§ WHAT YOU SHOULD DO: Exact reproduction of all the data is required, with pictures excluded.
RECORDS FOR THIS TASK START
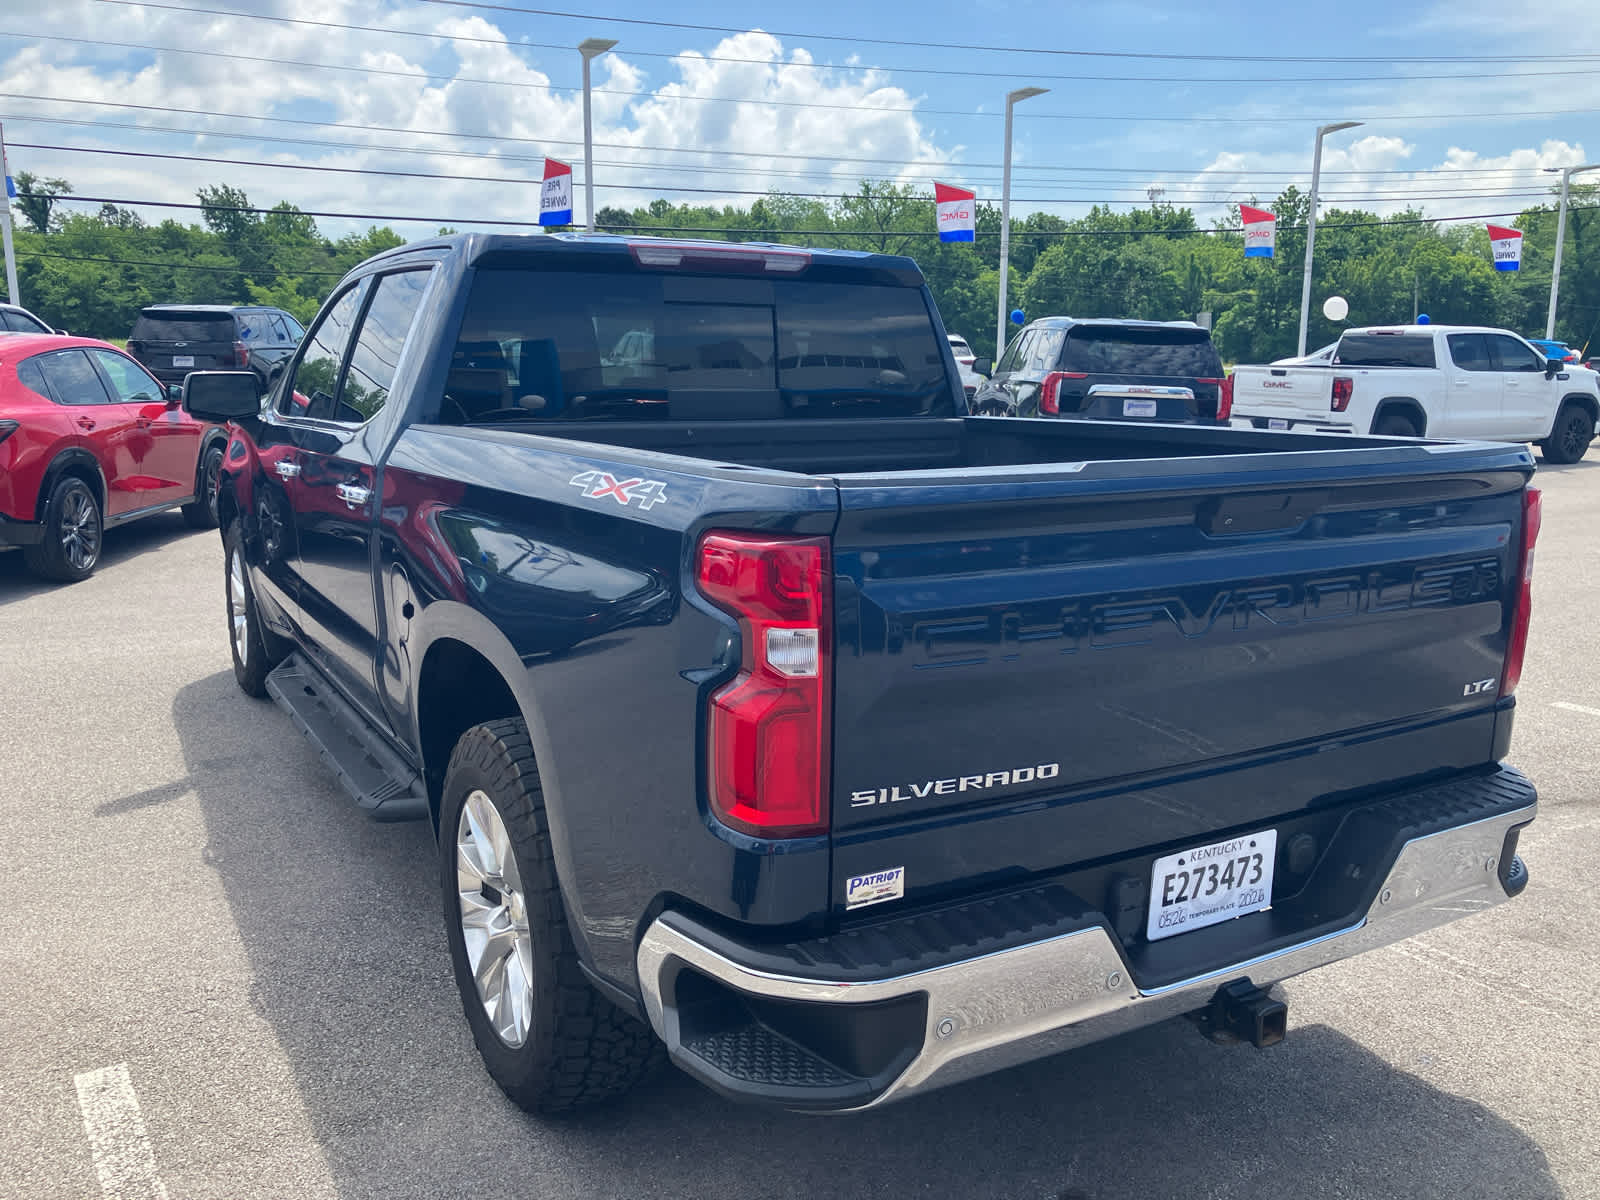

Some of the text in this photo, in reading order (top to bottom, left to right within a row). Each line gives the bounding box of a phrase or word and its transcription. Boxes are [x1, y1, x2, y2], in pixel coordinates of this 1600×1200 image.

[1263, 381, 1293, 389] GMC
[1463, 678, 1496, 697] LTZ
[850, 763, 1059, 807] SILVERADO
[1190, 840, 1244, 862] KENTUCKY
[848, 869, 902, 896] PATRIOT
[1161, 852, 1264, 908] E273473
[1189, 903, 1235, 918] TEMPORARY PLATE
RECORDS FOR THIS TASK END
§ SOLUTION BELOW:
Some of the text in this photo, in reading order (top to bottom, left to right within a row). Each line gives the bounding box of a phrase or word and its transcription. Boxes are [x1, y1, x2, y2], in pixel coordinates of this 1600×1200 image.

[1263, 381, 1293, 389] GMC
[1463, 678, 1496, 697] LTZ
[850, 763, 1059, 807] SILVERADO
[1190, 840, 1244, 862] KENTUCKY
[848, 869, 902, 896] PATRIOT
[1161, 852, 1264, 908] E273473
[1189, 903, 1235, 918] TEMPORARY PLATE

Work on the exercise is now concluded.